Work instruction — Set down exactly the lines running from the line with "this 1839×1102 image." to the end of the listing below, both ends included.

_ _ _ _ _

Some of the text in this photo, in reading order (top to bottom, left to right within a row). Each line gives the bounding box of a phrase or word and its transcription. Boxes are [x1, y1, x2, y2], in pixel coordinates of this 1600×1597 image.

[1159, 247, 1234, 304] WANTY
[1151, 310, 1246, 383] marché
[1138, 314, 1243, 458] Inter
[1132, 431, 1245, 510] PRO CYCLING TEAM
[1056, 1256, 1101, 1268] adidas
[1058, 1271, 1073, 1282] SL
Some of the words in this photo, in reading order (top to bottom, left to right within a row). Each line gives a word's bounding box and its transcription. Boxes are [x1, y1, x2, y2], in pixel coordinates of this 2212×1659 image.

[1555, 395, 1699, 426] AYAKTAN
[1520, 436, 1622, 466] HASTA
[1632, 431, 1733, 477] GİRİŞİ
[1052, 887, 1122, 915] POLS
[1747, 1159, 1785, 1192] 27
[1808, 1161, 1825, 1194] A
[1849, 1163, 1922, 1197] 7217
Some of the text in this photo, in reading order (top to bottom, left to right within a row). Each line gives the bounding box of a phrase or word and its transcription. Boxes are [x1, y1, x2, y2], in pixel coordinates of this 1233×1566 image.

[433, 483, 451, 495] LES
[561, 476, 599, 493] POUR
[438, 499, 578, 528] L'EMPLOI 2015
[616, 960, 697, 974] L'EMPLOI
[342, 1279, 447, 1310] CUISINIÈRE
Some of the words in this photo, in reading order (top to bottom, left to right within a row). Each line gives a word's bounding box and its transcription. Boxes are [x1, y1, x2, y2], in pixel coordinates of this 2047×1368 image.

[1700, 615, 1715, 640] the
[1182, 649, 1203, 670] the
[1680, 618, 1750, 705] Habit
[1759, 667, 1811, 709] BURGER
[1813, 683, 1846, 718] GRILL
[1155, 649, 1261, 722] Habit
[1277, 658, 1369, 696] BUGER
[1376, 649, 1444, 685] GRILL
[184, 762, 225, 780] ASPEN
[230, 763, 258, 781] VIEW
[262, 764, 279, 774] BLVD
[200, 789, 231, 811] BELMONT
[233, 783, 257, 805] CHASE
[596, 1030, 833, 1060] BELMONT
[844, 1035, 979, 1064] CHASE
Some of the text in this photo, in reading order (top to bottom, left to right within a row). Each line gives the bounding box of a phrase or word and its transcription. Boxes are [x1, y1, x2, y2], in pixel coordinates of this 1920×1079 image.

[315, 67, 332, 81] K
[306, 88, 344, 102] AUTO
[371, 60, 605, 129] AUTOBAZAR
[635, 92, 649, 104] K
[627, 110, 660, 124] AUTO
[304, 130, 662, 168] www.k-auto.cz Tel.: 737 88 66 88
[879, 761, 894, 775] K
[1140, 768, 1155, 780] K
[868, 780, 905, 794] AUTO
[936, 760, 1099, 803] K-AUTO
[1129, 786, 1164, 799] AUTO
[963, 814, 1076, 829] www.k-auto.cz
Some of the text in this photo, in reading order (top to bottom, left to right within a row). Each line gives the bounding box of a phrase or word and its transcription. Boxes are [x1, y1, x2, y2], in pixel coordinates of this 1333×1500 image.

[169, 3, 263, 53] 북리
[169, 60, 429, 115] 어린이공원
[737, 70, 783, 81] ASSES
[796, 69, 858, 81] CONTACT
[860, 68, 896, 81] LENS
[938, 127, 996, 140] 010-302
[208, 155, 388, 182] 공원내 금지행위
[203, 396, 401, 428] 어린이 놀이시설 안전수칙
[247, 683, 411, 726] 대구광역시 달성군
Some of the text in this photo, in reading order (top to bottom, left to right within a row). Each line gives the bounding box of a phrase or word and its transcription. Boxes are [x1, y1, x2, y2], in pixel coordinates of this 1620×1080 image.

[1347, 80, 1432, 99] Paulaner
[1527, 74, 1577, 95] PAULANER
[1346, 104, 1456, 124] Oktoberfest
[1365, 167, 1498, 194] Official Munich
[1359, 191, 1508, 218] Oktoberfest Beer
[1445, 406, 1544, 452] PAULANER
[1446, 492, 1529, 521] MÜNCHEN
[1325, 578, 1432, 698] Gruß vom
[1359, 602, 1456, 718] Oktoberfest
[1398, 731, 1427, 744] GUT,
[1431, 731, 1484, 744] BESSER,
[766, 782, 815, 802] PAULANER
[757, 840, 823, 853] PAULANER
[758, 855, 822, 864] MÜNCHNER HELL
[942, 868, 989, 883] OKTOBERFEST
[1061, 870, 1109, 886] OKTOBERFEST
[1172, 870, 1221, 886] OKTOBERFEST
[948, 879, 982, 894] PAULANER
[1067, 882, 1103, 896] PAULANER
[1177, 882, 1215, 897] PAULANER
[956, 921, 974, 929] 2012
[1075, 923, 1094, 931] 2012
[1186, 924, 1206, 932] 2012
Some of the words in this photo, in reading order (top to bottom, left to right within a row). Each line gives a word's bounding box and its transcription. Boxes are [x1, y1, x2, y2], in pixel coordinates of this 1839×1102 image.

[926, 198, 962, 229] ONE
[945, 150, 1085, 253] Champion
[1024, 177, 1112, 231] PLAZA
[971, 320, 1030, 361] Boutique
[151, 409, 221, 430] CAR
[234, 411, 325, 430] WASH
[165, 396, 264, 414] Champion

_ _ _ _ _

Completed exercise —
Some of the words in this photo, in reading order (top to bottom, left to right within a row). Each line gives a word's bounding box and its transcription. Boxes are [x1, y1, x2, y2], in pixel coordinates of this 1839×1102 image.

[926, 198, 962, 229] ONE
[945, 150, 1085, 253] Champion
[1024, 177, 1112, 231] PLAZA
[971, 320, 1030, 361] Boutique
[151, 409, 221, 430] CAR
[234, 411, 325, 430] WASH
[165, 396, 264, 414] Champion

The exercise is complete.